§ Stored data entries
* * * *
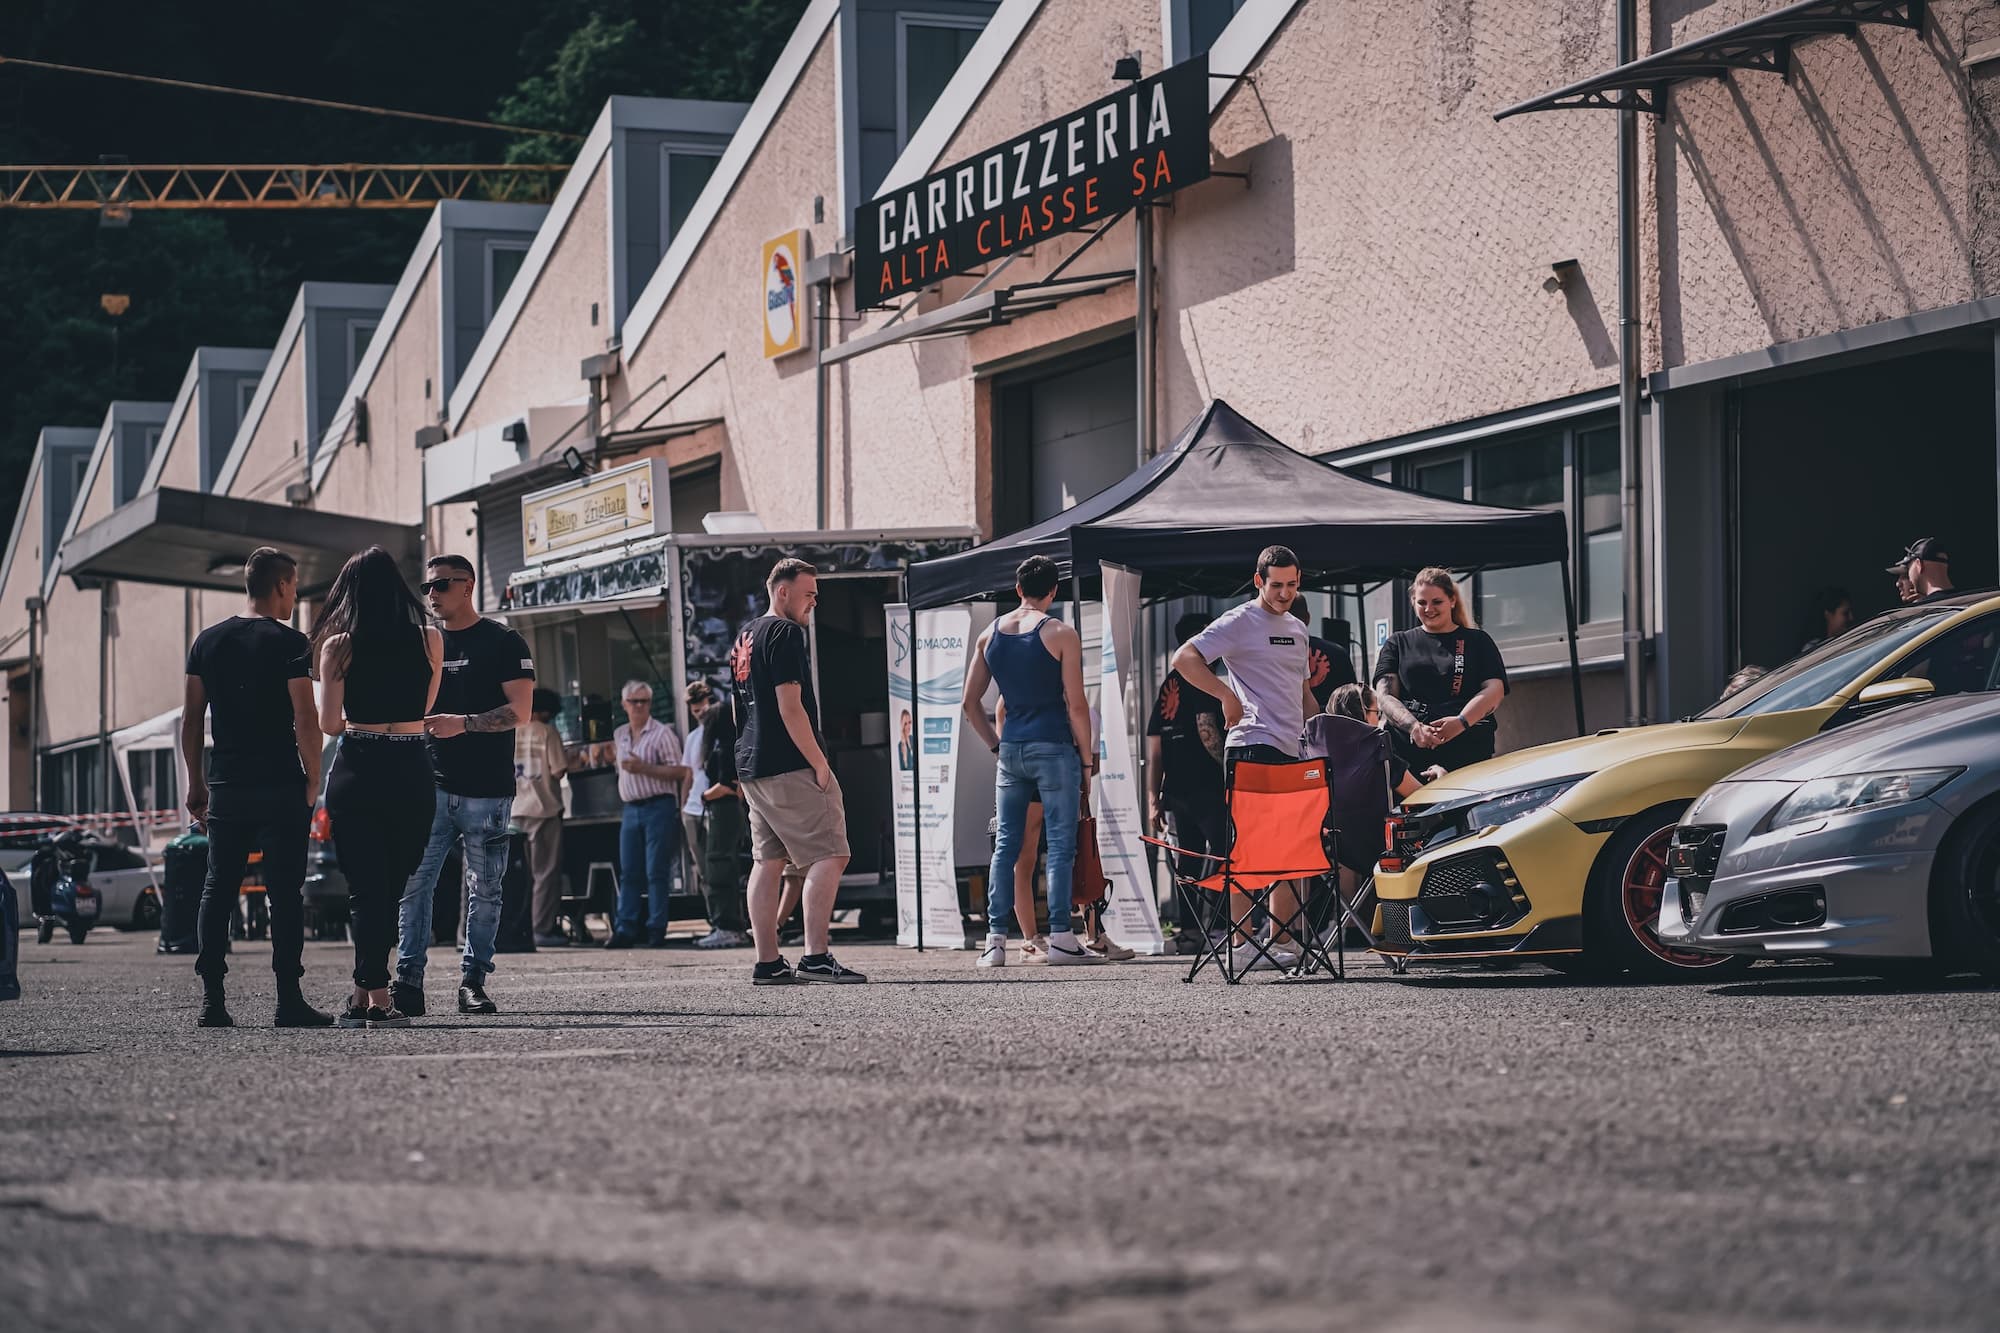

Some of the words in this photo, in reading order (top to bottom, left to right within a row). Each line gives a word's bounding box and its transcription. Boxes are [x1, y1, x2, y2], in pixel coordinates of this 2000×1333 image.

[879, 82, 1171, 253] CARROZZERIA
[880, 240, 949, 294] ALTA
[977, 177, 1098, 255] CLASSE
[1132, 150, 1171, 196] SA
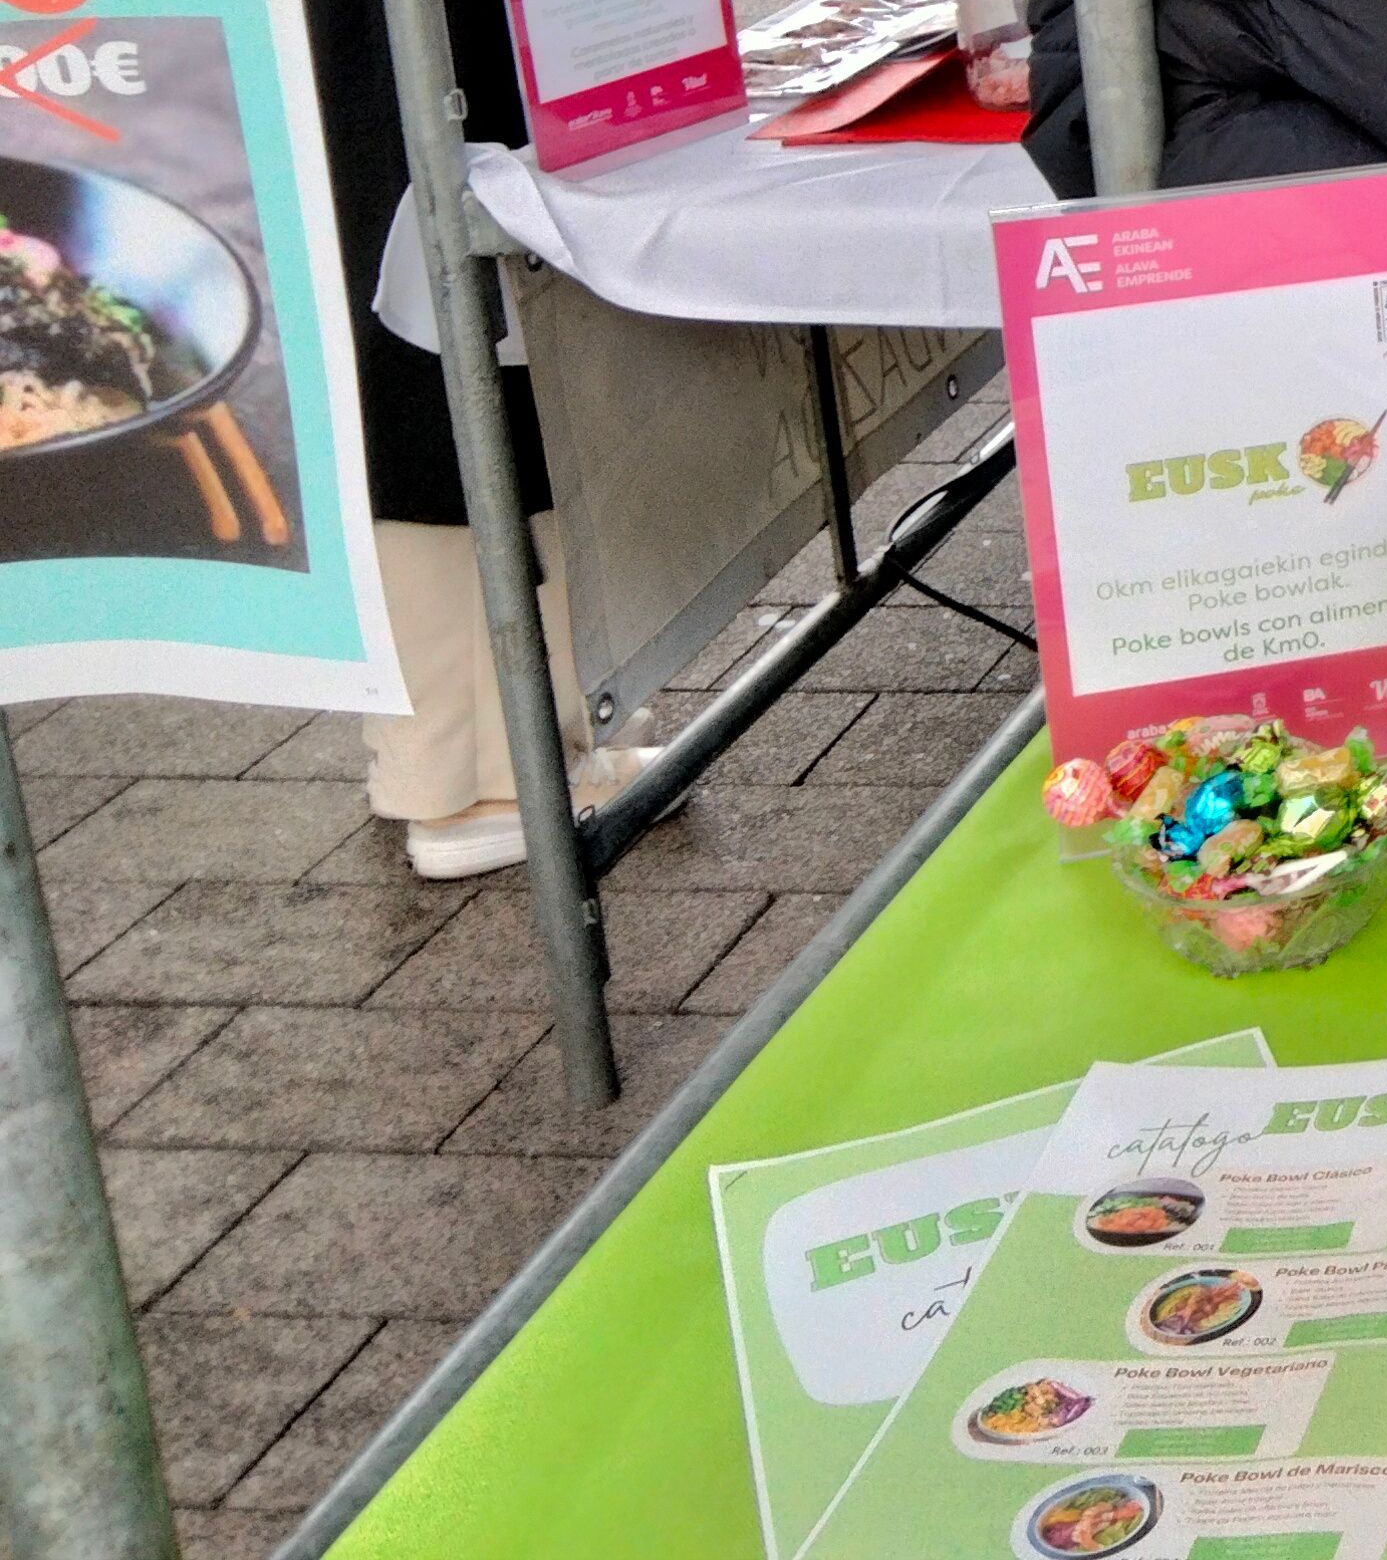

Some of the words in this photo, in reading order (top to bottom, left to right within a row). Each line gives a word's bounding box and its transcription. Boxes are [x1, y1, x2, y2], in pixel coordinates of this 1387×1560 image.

[1111, 227, 1159, 244] ARABA
[1113, 239, 1174, 258] EKINEAN
[1116, 267, 1193, 289] EMPRENDE
[1126, 441, 1290, 503] EUSK
[1161, 553, 1312, 596] elikagaiekin
[1188, 590, 1247, 613] Poke
[1255, 571, 1351, 602] bowlak.
[1112, 628, 1172, 657] Poke
[1180, 617, 1250, 646] bowls
[1257, 612, 1303, 634] con
[1223, 641, 1255, 664] de
[1107, 1112, 1265, 1178] catalogo
[1219, 1171, 1263, 1184] Poke
[1265, 1169, 1309, 1184] Bowl
[804, 1190, 1021, 1293] EUS
[1275, 1267, 1321, 1279] Poke
[1323, 1262, 1369, 1277] Bowl
[1253, 1337, 1277, 1347] 002
[1113, 1366, 1161, 1380] Poke
[1164, 1364, 1214, 1380] Bowl
[1217, 1358, 1329, 1380] Vegetariano
[1082, 1445, 1109, 1457] 003
[1179, 1470, 1230, 1484] Poke
[1233, 1467, 1284, 1483] Bowl
[1286, 1464, 1312, 1478] de
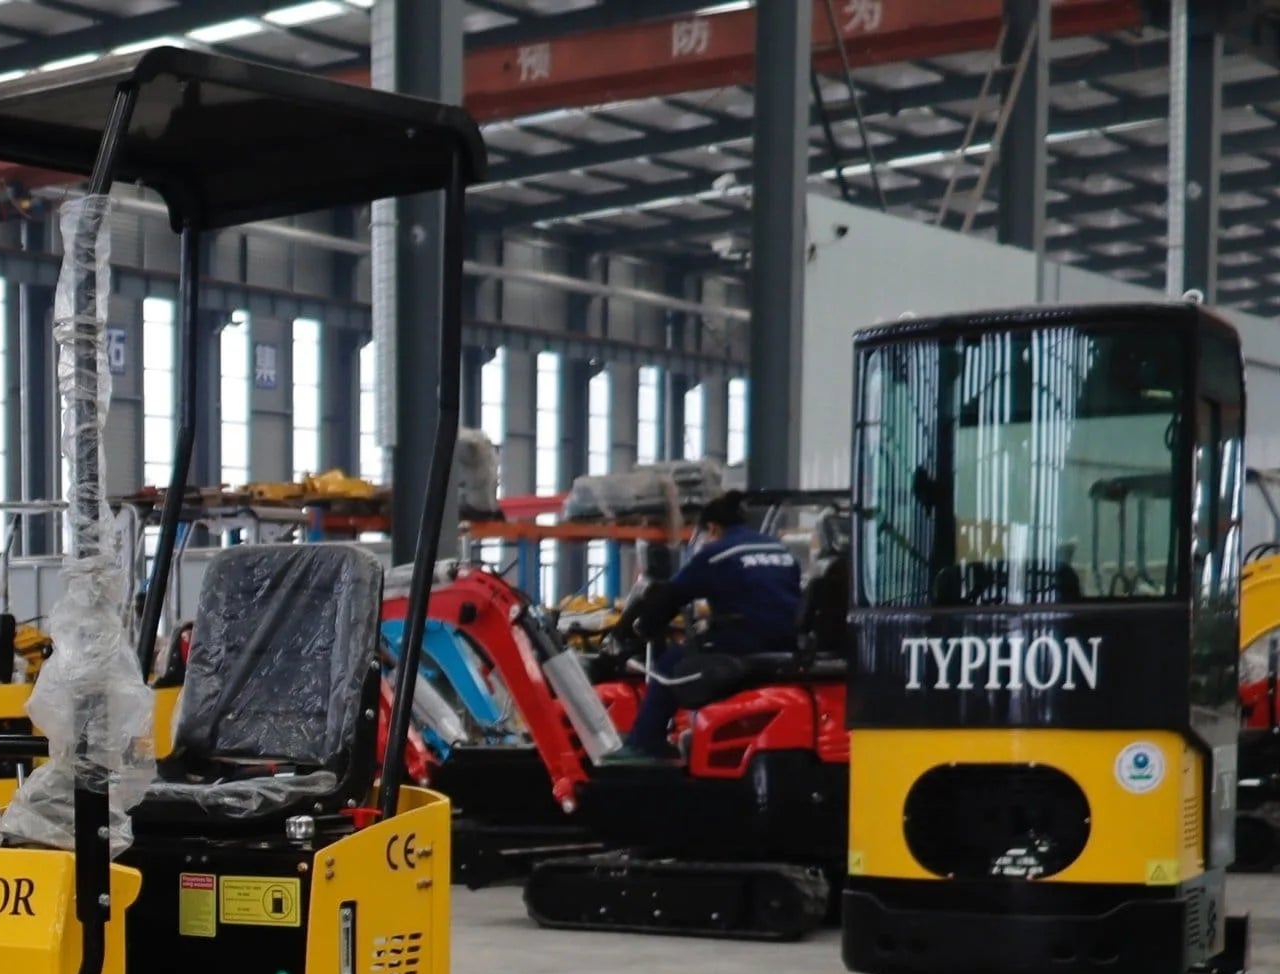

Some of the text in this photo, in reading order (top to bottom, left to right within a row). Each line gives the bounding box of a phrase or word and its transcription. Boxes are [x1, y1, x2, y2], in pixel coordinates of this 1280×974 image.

[517, 43, 551, 80] 预
[671, 21, 709, 57] 防
[900, 636, 1102, 690] TYPHON
[386, 833, 416, 871] CE
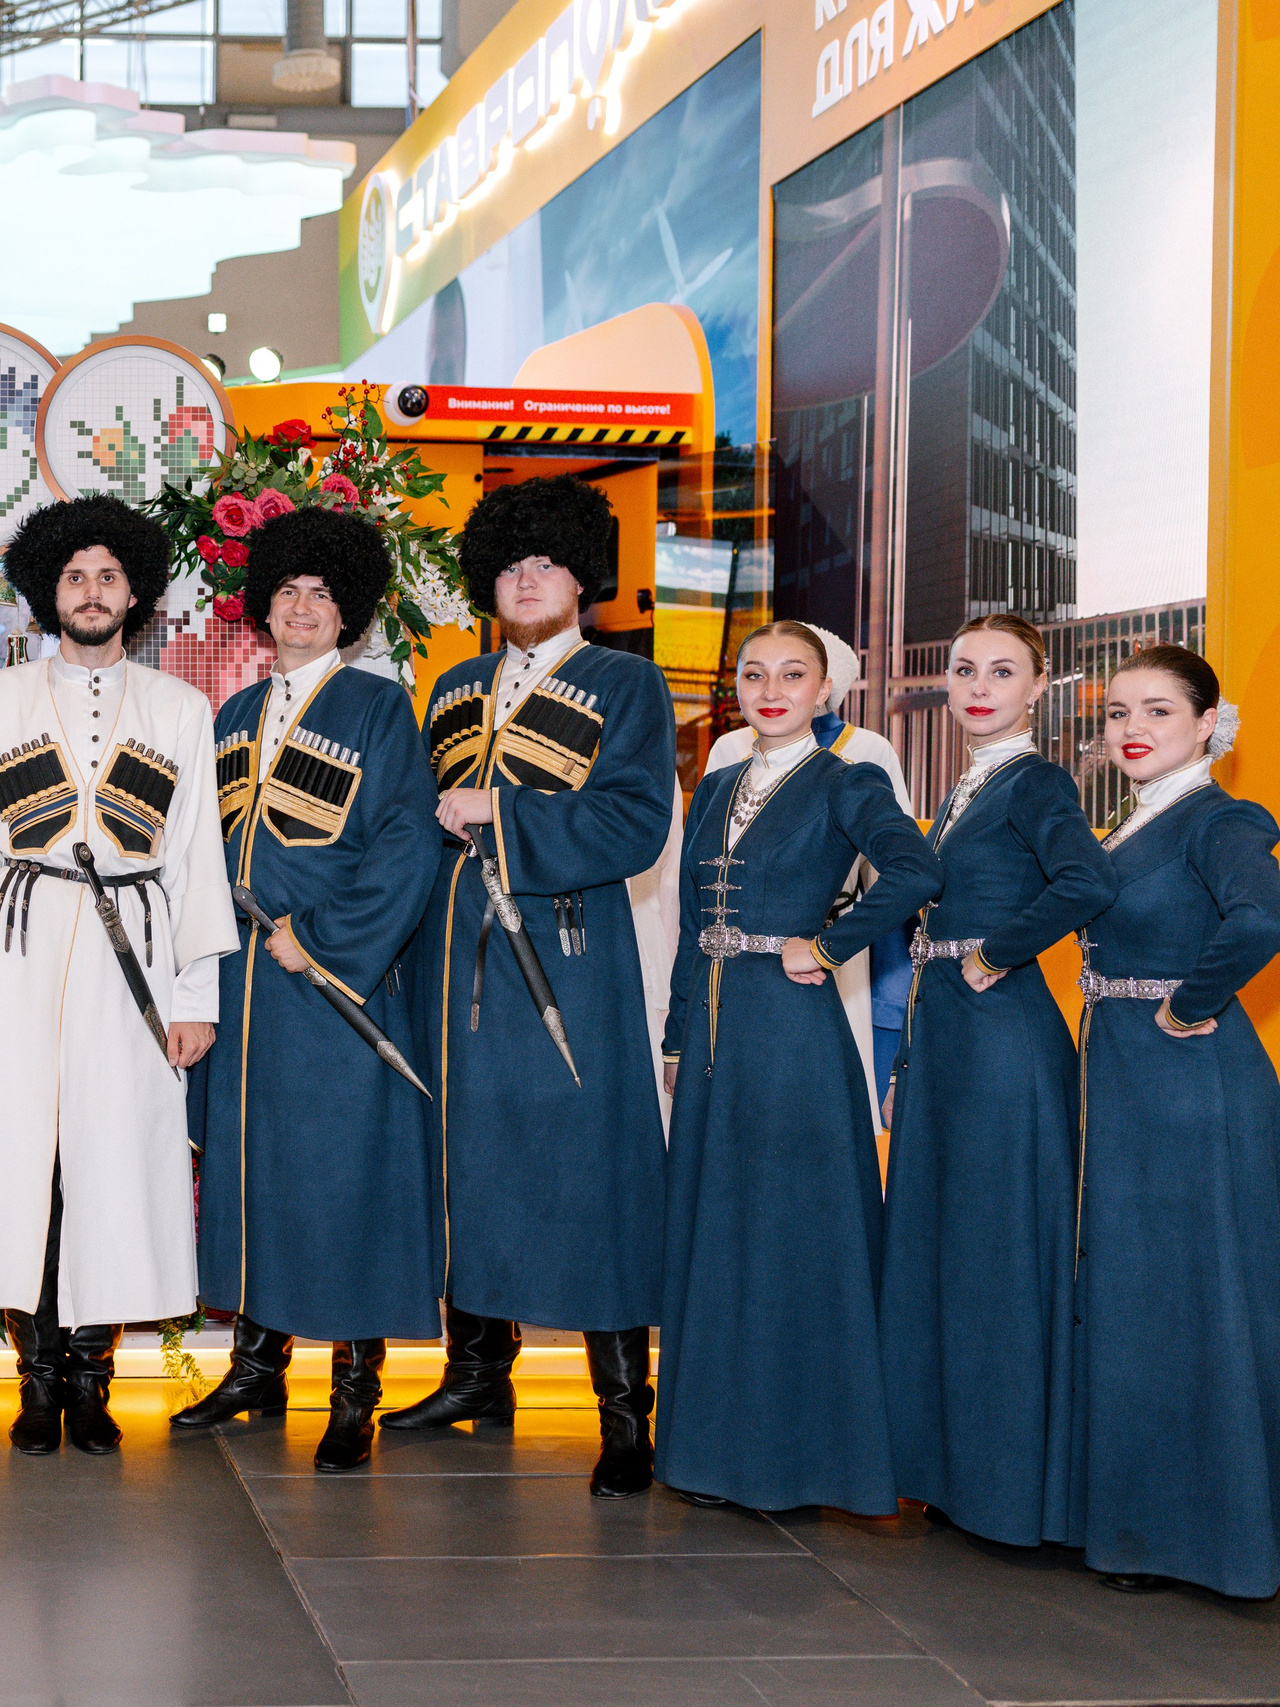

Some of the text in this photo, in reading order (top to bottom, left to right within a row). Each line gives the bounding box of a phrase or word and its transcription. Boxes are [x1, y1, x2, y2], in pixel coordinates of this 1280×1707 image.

[448, 398, 670, 415] Внимание! Ограничение по высоте!
* * * *
§ ASSIGNED TASK
Can you retype every record above exactly, leaving out the pictures?

§ RESPONSE BELOW
Some of the words in this photo, in reading order (top to bottom, left to right within a row). Each line gives a word's bounding box and its transcription. Boxes are [x1, y1, x2, y2], in pixel coordinates of this 2000×1333 image.

[879, 82, 1171, 253] CARROZZERIA
[880, 240, 949, 294] ALTA
[977, 177, 1098, 255] CLASSE
[1132, 150, 1171, 196] SA

Some of the words in this photo, in reading order (top to bottom, left to right within a row). Each line gives a word's bounding box and its transcription. Boxes are [x1, y1, x2, y2], in pixel coordinates of this 1387×1560 image.

[1111, 227, 1159, 244] ARABA
[1113, 239, 1174, 258] EKINEAN
[1116, 267, 1193, 289] EMPRENDE
[1126, 441, 1290, 503] EUSK
[1161, 553, 1312, 596] elikagaiekin
[1188, 590, 1247, 613] Poke
[1255, 571, 1351, 602] bowlak.
[1112, 628, 1172, 657] Poke
[1180, 617, 1250, 646] bowls
[1257, 612, 1303, 634] con
[1223, 641, 1255, 664] de
[1107, 1112, 1265, 1178] catalogo
[1219, 1171, 1263, 1184] Poke
[1265, 1169, 1309, 1184] Bowl
[804, 1190, 1021, 1293] EUS
[1275, 1267, 1321, 1279] Poke
[1323, 1262, 1369, 1277] Bowl
[1253, 1337, 1277, 1347] 002
[1113, 1366, 1161, 1380] Poke
[1164, 1364, 1214, 1380] Bowl
[1217, 1358, 1329, 1380] Vegetariano
[1082, 1445, 1109, 1457] 003
[1179, 1470, 1230, 1484] Poke
[1233, 1467, 1284, 1483] Bowl
[1286, 1464, 1312, 1478] de

Some of the text in this photo, in reading order (top to bottom, left to right within a row). Each line gives the bounding box of a phrase or word and its transcription. Boxes are [x1, y1, x2, y2], in pixel coordinates of this 1280×974 image.

[517, 43, 551, 80] 预
[671, 21, 709, 57] 防
[900, 636, 1102, 690] TYPHON
[386, 833, 416, 871] CE

Some of the text in this photo, in reading order (top to bottom, left to right within a row). Each line gives the bounding box of a phrase or word and its transcription. Boxes are [x1, y1, x2, y2], in pixel coordinates of this 1280×1707 image.

[448, 398, 670, 415] Внимание! Ограничение по высоте!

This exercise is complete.